### WHAT THE TASK REQUIRES
Print out all of the records exactly; no picture belongs in the result.

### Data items

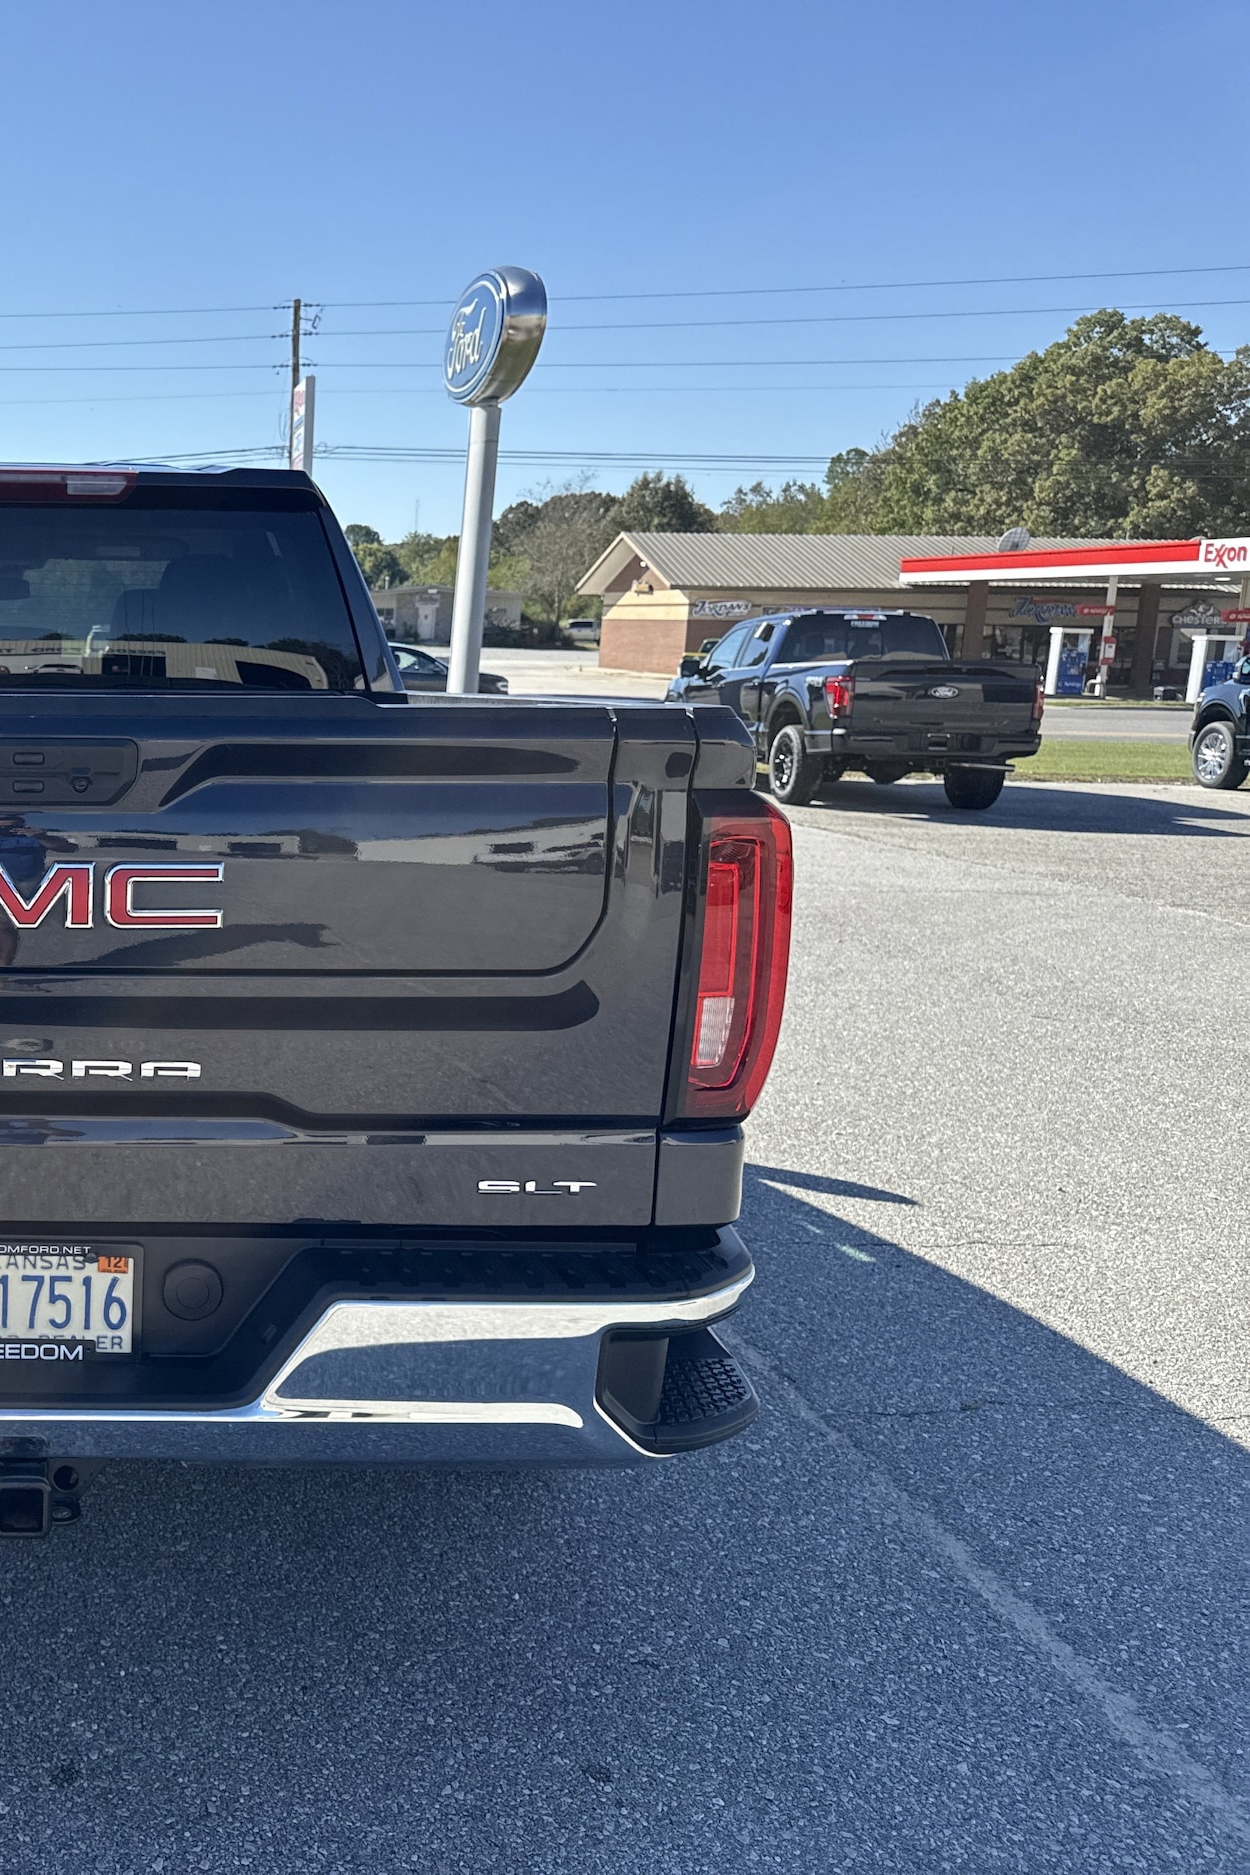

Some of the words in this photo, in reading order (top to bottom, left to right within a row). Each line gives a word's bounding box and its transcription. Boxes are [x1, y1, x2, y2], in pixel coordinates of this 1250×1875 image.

[447, 298, 487, 380] Ford
[1204, 543, 1248, 569] Exxon
[477, 1180, 598, 1194] SLT
[107, 1256, 122, 1269] 12

### RESPONSE TO THIS TASK
Some of the words in this photo, in reading order (top to bottom, left to right within a row). Each line gives a word's bounding box and its transcription. Boxes are [x1, y1, x2, y2], in pixel coordinates of this 1250×1875 image.

[447, 298, 487, 380] Ford
[1204, 543, 1248, 569] Exxon
[477, 1180, 598, 1194] SLT
[107, 1256, 122, 1269] 12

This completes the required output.